Because of the low flue gas temp and sloppy wood from outside, I see the the H2O steam condensate in the flue gas. In the first hour from a cold start when it's dehydrating the wood I see ~ 10 ft streamer of H2O and ~ 2 ft streamer of H2O at minimum burn.

I've been looking for grey smoke and saw it for the first time today. I had brought in all wood pieces that had fallen off the pile and were close to the ground, outside of the tarp cover and loaded that, probably waterlogged, moldly, mushroomy. I am cleaning up and burning the junk. The first hour was slow to burn and in the flue gas I could see the steam going up and there was some unburned grey smoke that separated out of the steam and fell to the ground. I could smell it. First time in 7 weeks and due to low quality wood picked up from close to the ground. Pretty much what I expect to see from the neighbors burning.

All the other burns I've been watching the flue gas closely. It's water vapor and you can see it wisp and evaporate to the air in 2 to 10 ft with no residue. I'm sure you have the invisible flue gas because of the higher temp flue gas.
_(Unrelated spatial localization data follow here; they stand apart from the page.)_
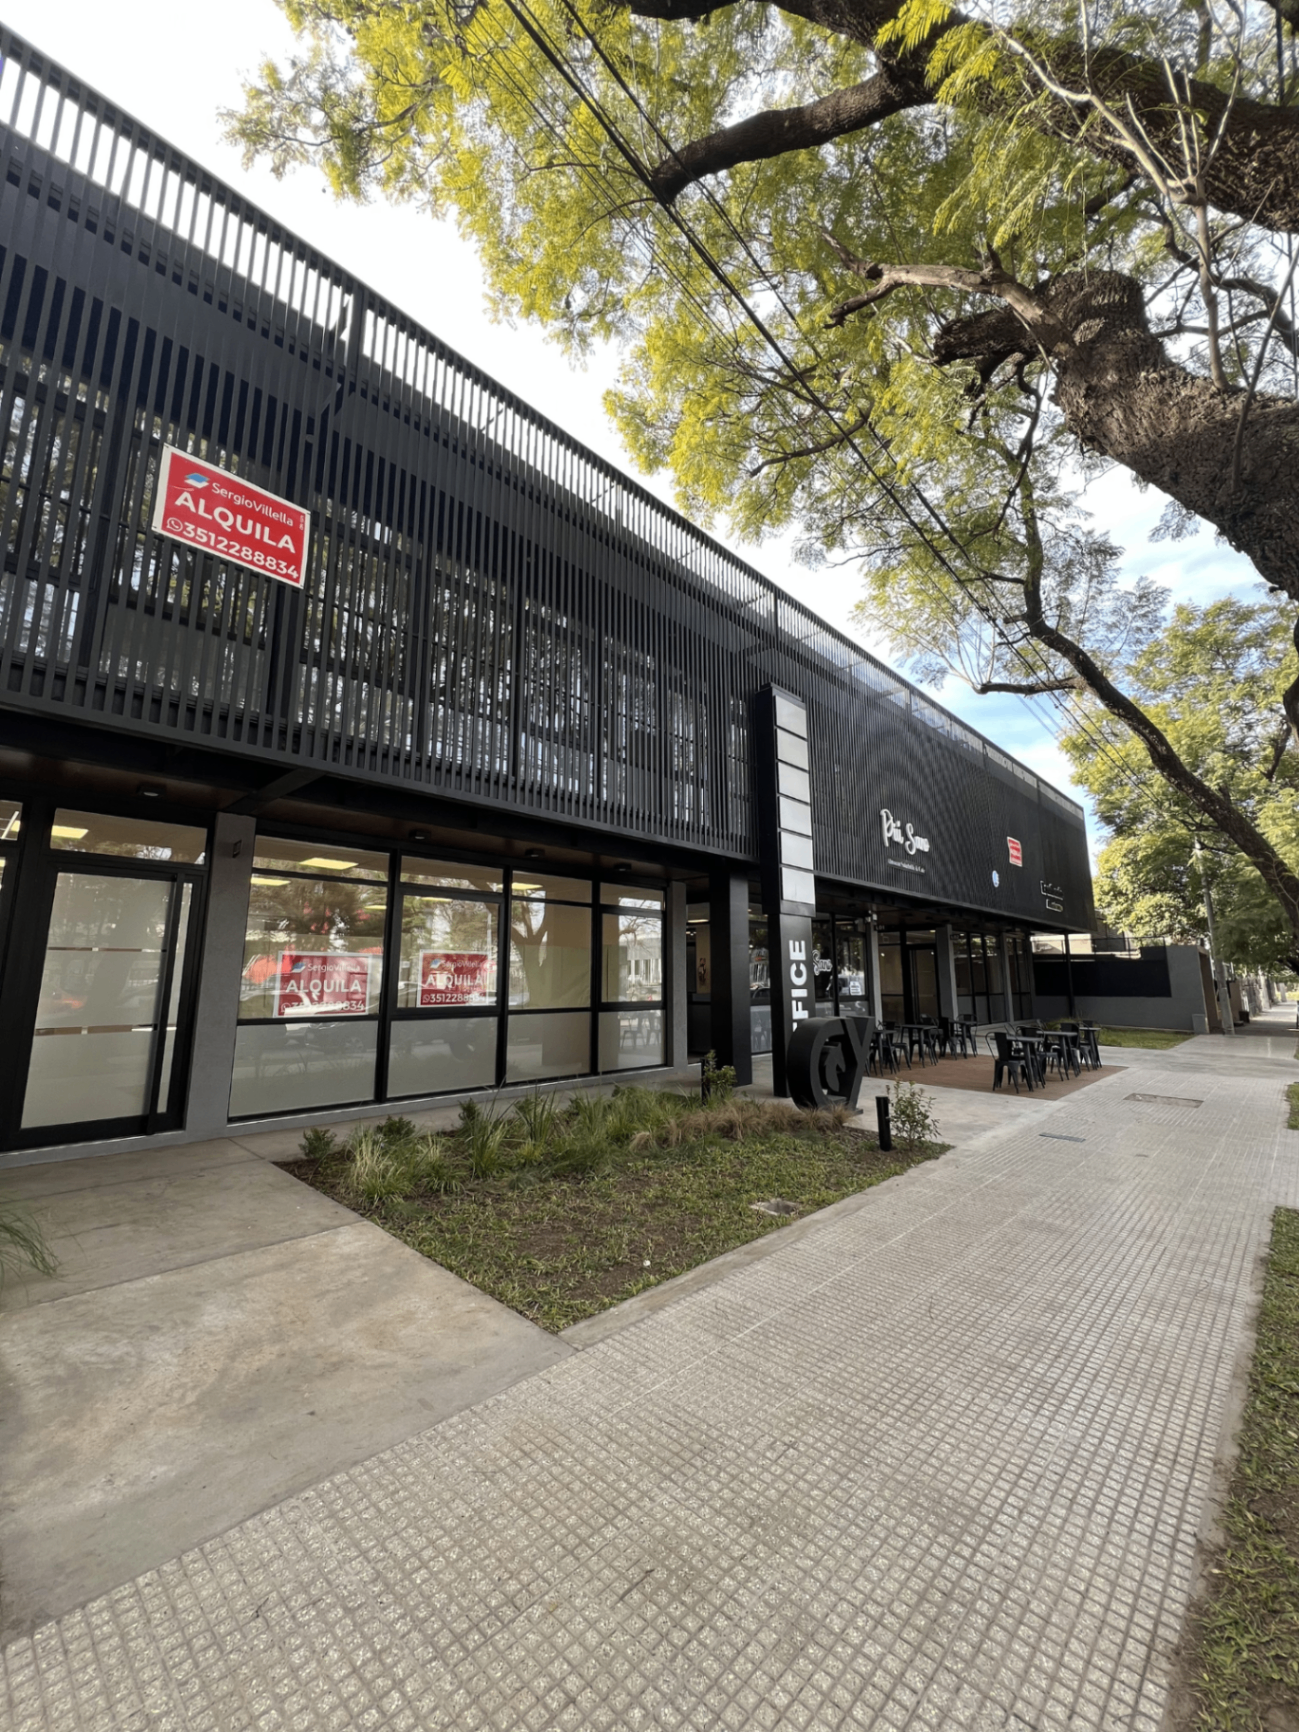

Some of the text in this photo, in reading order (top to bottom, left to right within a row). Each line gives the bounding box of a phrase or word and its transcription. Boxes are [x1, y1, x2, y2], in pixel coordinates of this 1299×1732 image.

[174, 491, 296, 554] ALQUILA
[212, 482, 293, 527] SergioVillella
[183, 521, 299, 579] 3512288834
[286, 979, 362, 995] ALQUILA
[425, 973, 483, 989] ALQUILA
[788, 939, 809, 1032] FICE
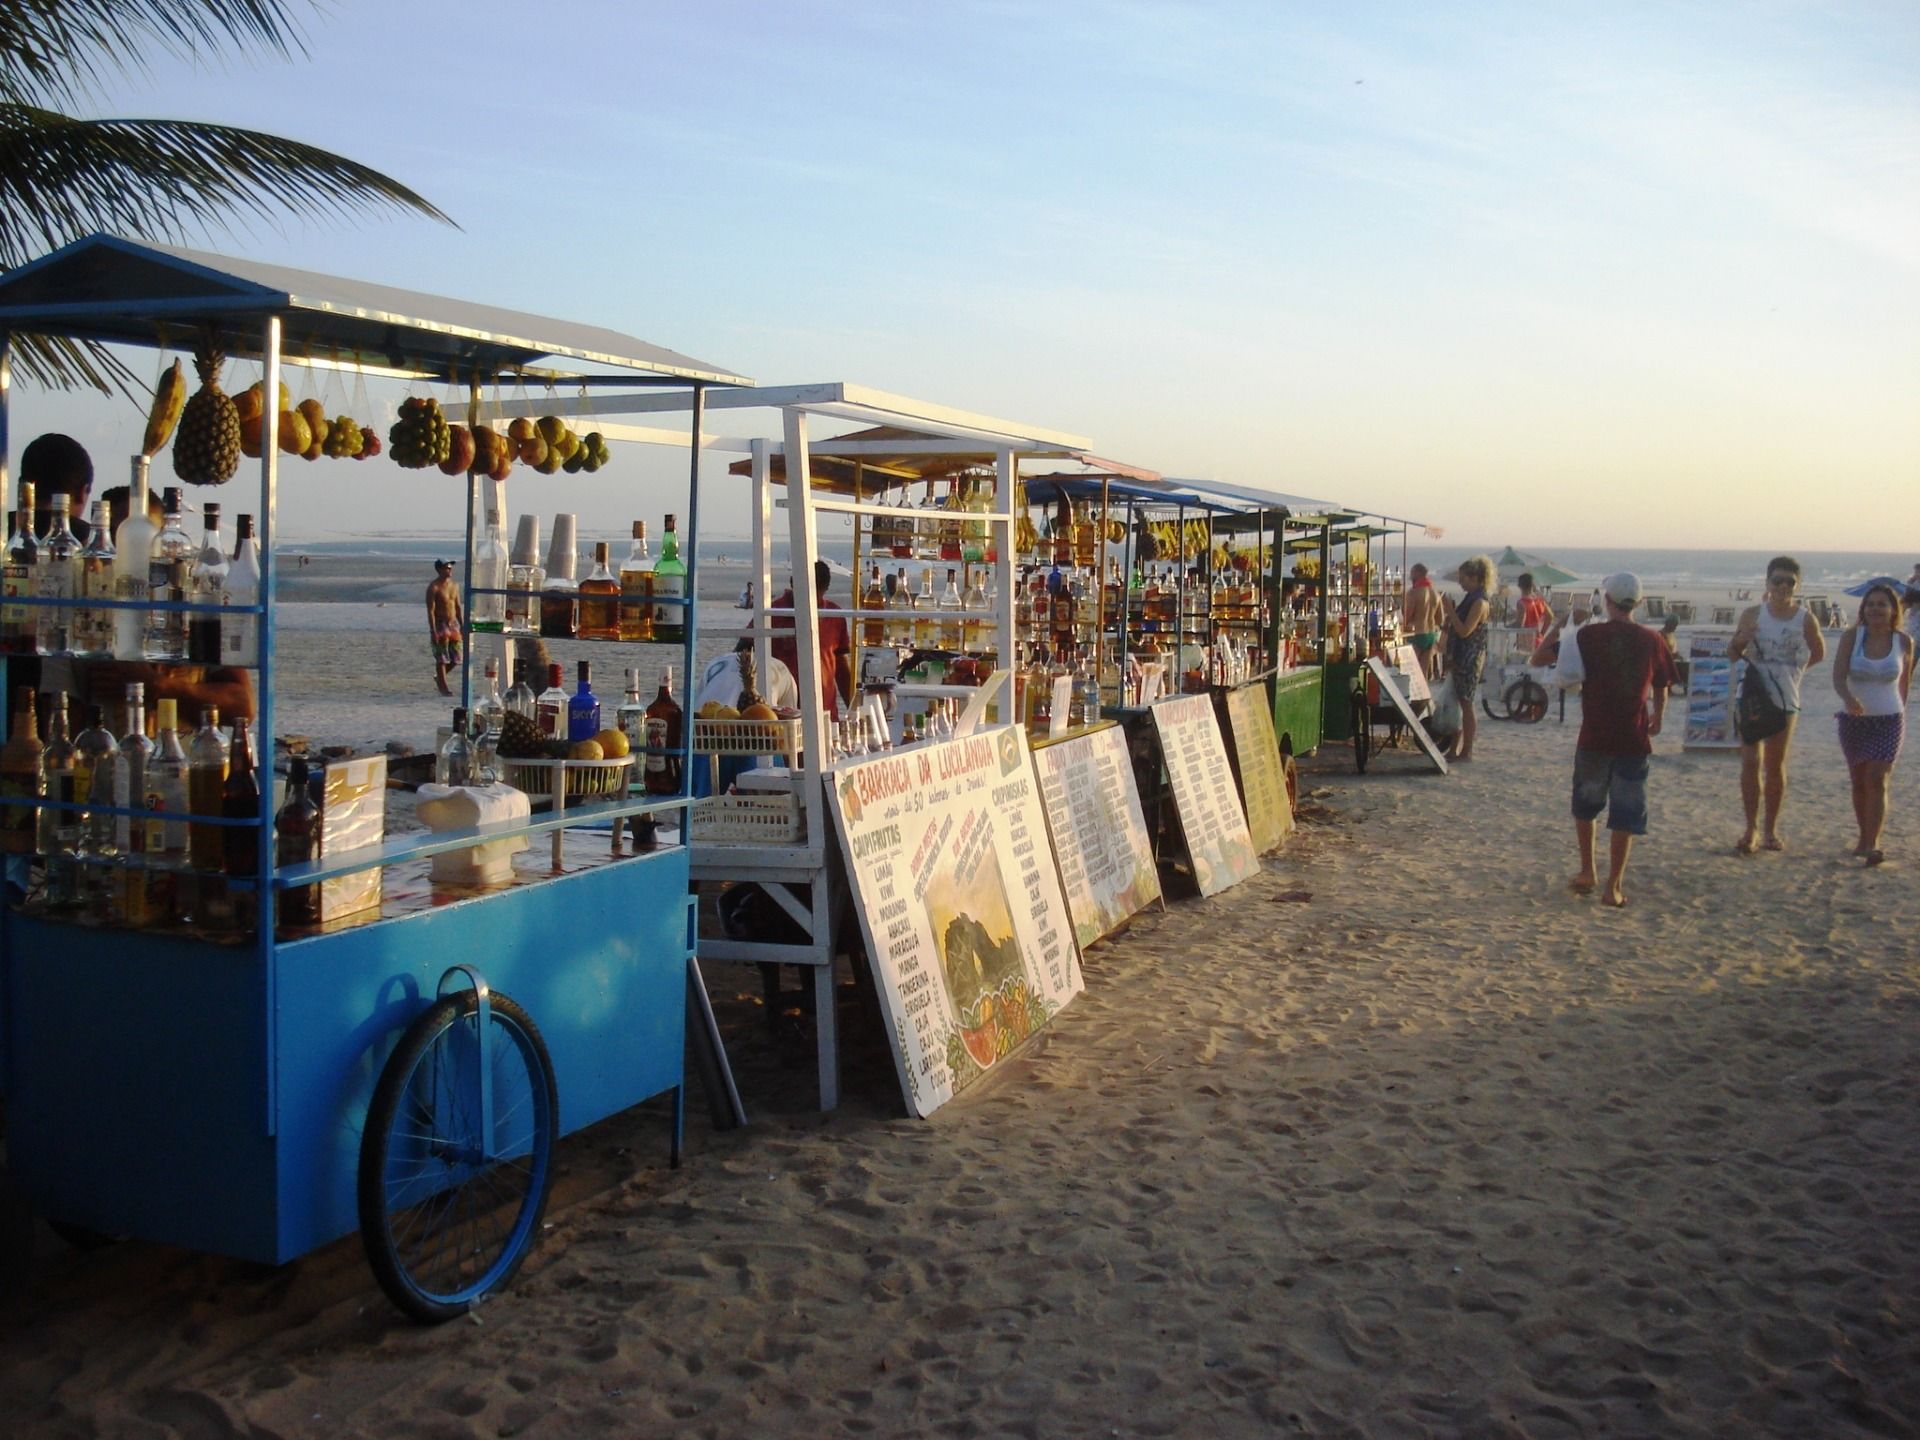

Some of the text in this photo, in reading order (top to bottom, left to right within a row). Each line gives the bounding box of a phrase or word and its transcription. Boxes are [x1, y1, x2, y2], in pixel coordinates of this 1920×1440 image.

[572, 709, 596, 720] SKYY
[857, 758, 912, 806] BARRACA
[917, 752, 932, 786] DA
[914, 790, 924, 813] 50
[852, 823, 902, 860] CAIPIFRUTAS
[874, 861, 893, 882] LIMÃO
[879, 898, 907, 923] MORANGO
[889, 928, 920, 960] MARACUJÁ
[898, 955, 919, 978] MANGA
[897, 970, 929, 1000] TANGERINA
[930, 1068, 946, 1090] COCO
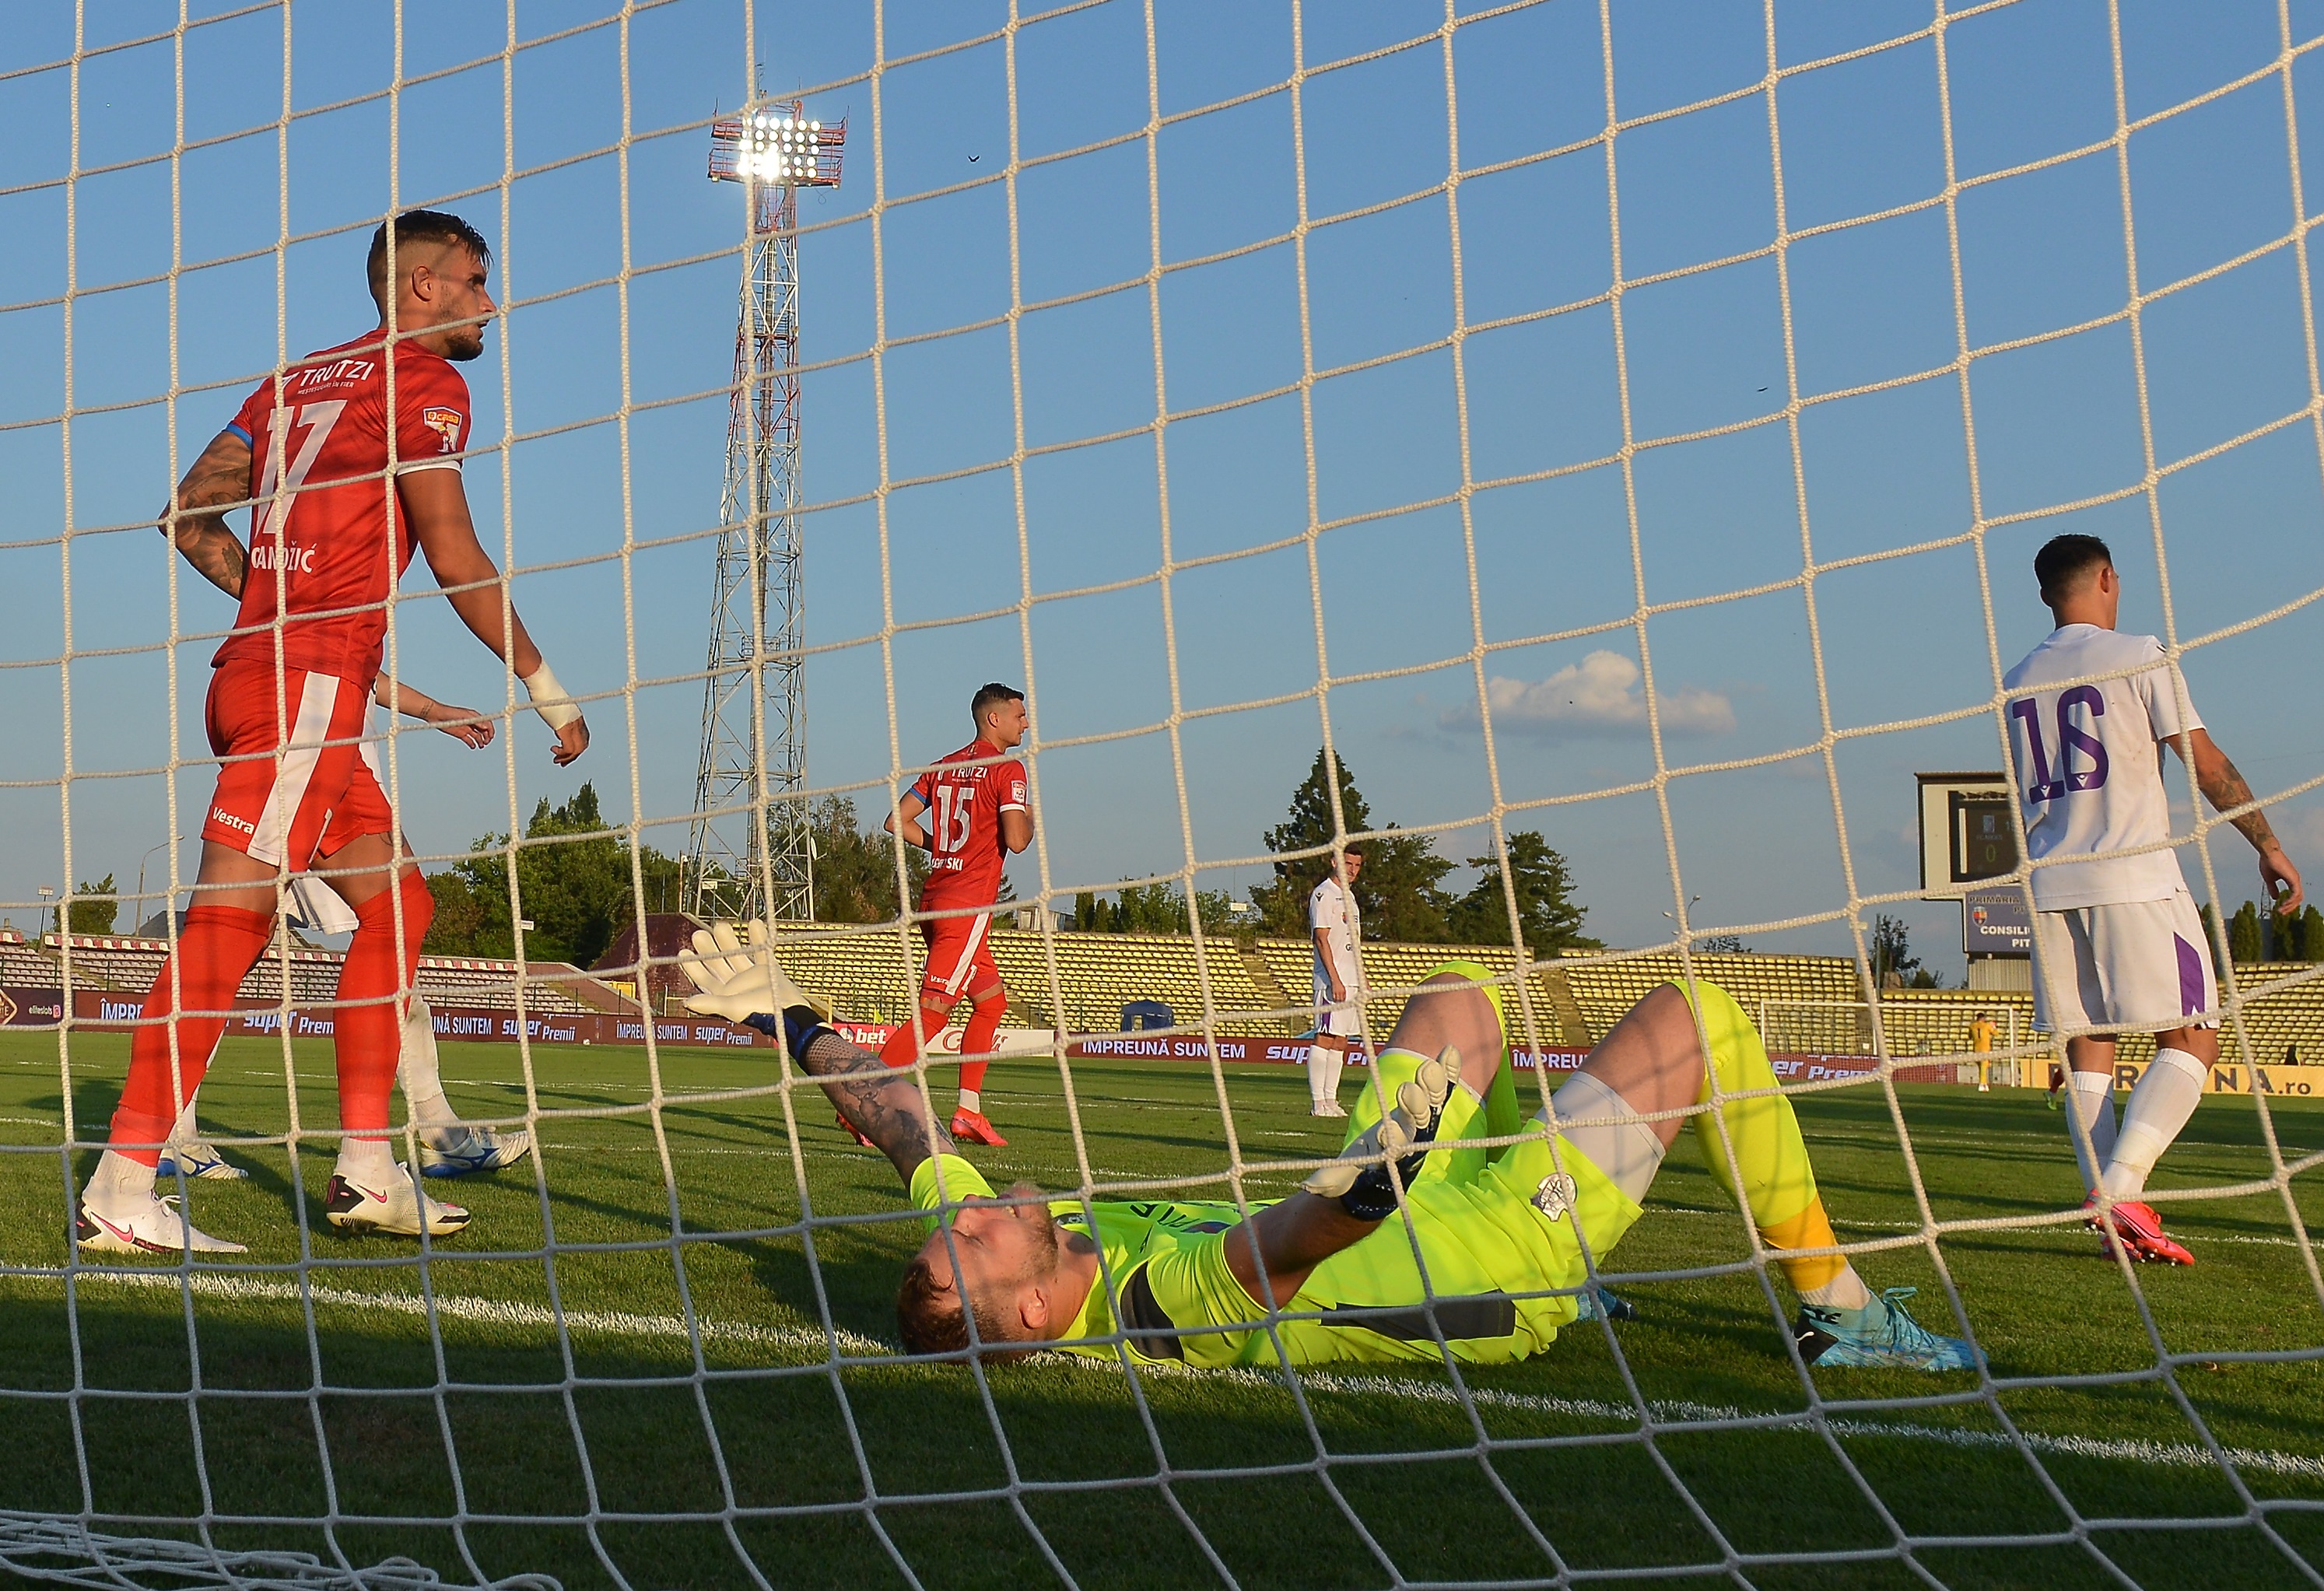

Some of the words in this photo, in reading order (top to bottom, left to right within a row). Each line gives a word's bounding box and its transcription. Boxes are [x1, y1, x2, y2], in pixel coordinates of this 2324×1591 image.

I'm waiting for January to see what it does with the red oak splits. I running well under what I had guessed I would burn. At this rate I will have a pile of junk wood left over for next year. Next improvement is wood storage.


----------



## EffectaBoilerUser (USA) (Dec 7, 2012)

What I am saying is:

The Co content over time averaged 490 PPM with the Lambda sensor activated
The Co2 content over time averaged 13.2% with the Lambda sensor activated
The boiler efficiency over time was 92% with the Lambda sensor activated


The cumulative Co content over time averaged 2,721 PPM with the Lambda sensor NOT activated
The Co2 content over time averaged 10.2% with the Lambda sensor NOT activated
The boiler efficiency over time was 87% with the Lambda sensor NOT activated
As can be see from the above test data, the Co PPM is drastically reduced when the Lambda sensor is activated.


----------



## EffectaBoilerUser (USA) (Dec 7, 2012)

Opps!

This is what I meant to post - don't want to confuse anyone!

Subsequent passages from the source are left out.